==== DATASET RECORDS ====

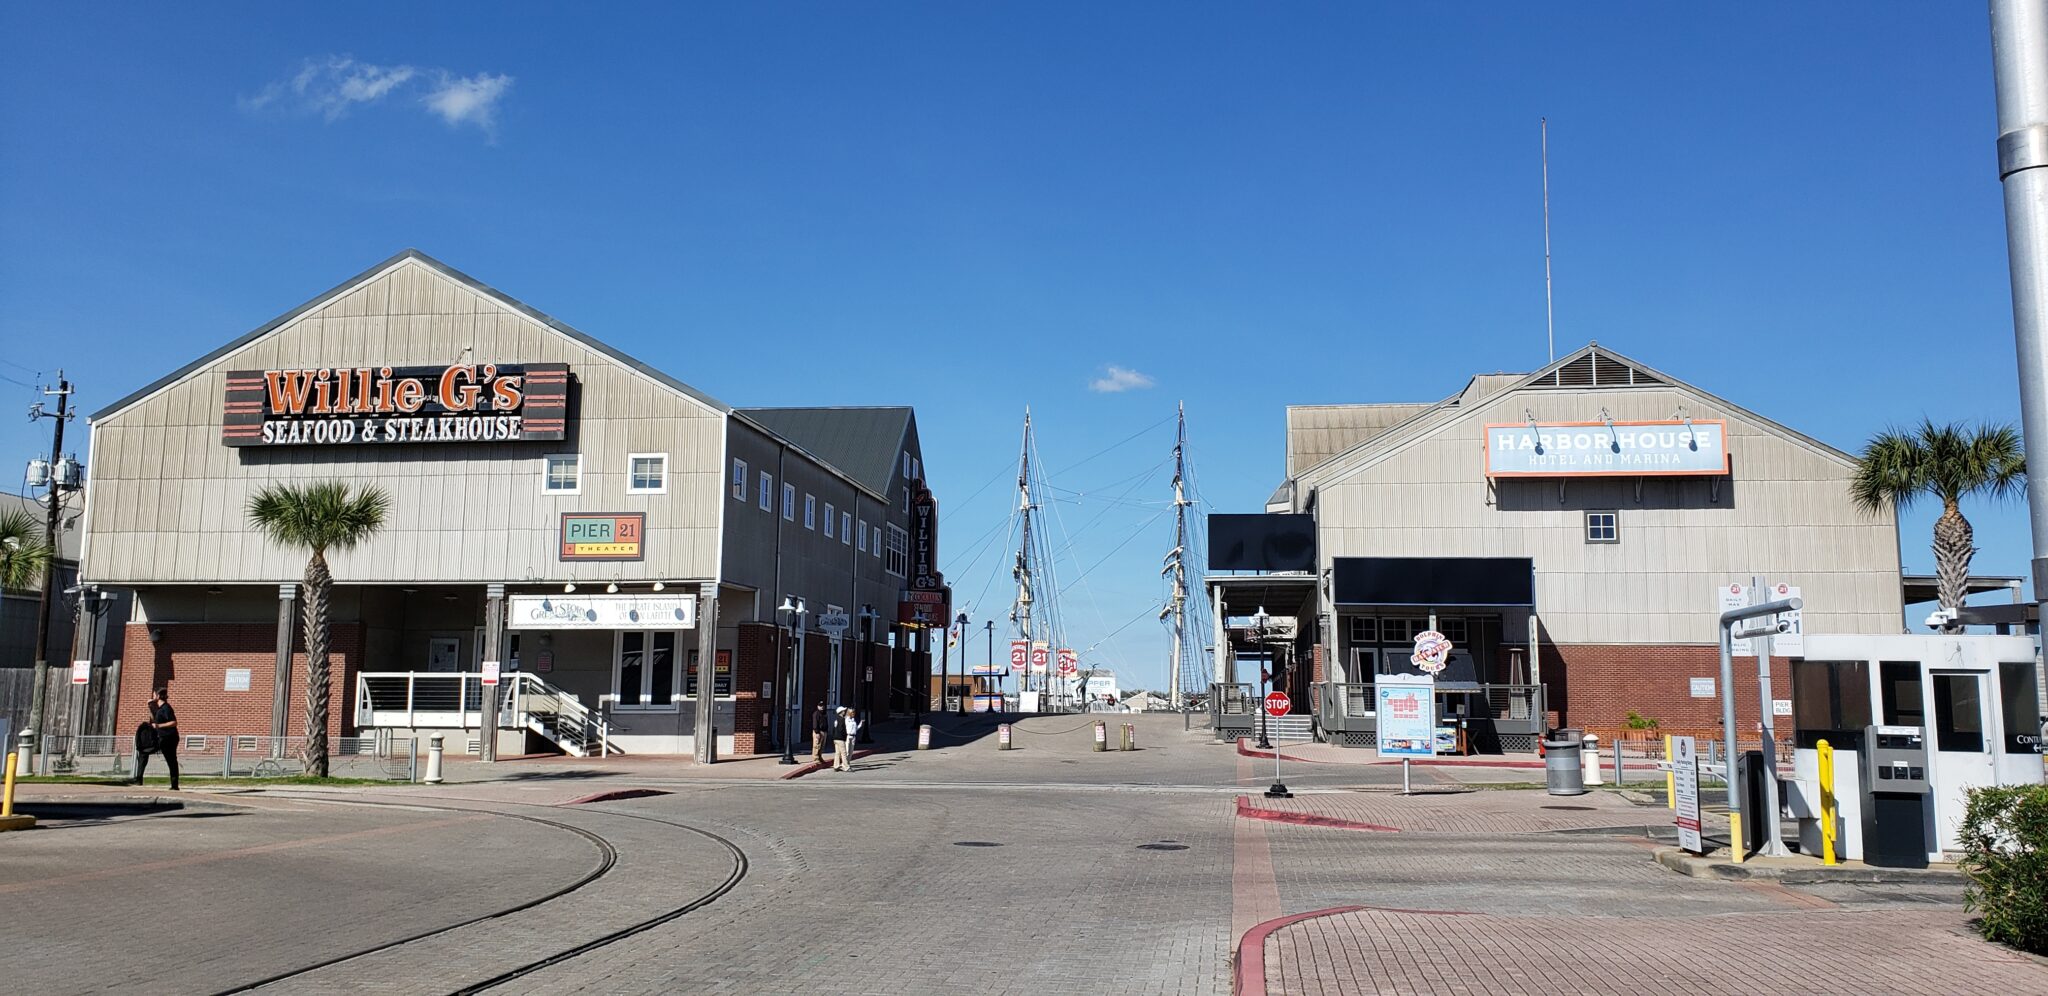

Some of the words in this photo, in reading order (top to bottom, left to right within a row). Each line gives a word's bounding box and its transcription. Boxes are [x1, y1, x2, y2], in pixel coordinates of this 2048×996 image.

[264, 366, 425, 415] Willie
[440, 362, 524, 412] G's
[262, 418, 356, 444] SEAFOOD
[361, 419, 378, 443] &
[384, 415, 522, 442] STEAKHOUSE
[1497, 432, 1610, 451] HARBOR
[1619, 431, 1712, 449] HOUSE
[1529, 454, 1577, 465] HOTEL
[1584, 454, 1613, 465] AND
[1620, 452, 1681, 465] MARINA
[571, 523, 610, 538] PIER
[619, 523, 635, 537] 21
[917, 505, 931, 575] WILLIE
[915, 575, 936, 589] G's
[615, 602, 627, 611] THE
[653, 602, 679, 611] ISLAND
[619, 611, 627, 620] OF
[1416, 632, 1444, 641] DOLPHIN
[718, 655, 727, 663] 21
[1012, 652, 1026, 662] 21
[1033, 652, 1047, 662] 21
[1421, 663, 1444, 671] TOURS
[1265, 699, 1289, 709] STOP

====

● REQUIREMENT
Once the pictures are set aside, write out each record exactly.

● EXERCISE RESPONSE
Some of the words in this photo, in reading order (top to bottom, left to right within a row). Each line gives a word's bounding box and its transcription. Boxes are [x1, y1, x2, y2], in pixel coordinates of this 2048×996 image.

[264, 366, 425, 415] Willie
[440, 362, 524, 412] G's
[262, 418, 356, 444] SEAFOOD
[361, 419, 378, 443] &
[384, 415, 522, 442] STEAKHOUSE
[1497, 432, 1610, 451] HARBOR
[1619, 431, 1712, 449] HOUSE
[1529, 454, 1577, 465] HOTEL
[1584, 454, 1613, 465] AND
[1620, 452, 1681, 465] MARINA
[571, 523, 610, 538] PIER
[619, 523, 635, 537] 21
[917, 505, 931, 575] WILLIE
[915, 575, 936, 589] G's
[615, 602, 627, 611] THE
[653, 602, 679, 611] ISLAND
[619, 611, 627, 620] OF
[1416, 632, 1444, 641] DOLPHIN
[718, 655, 727, 663] 21
[1012, 652, 1026, 662] 21
[1033, 652, 1047, 662] 21
[1421, 663, 1444, 671] TOURS
[1265, 699, 1289, 709] STOP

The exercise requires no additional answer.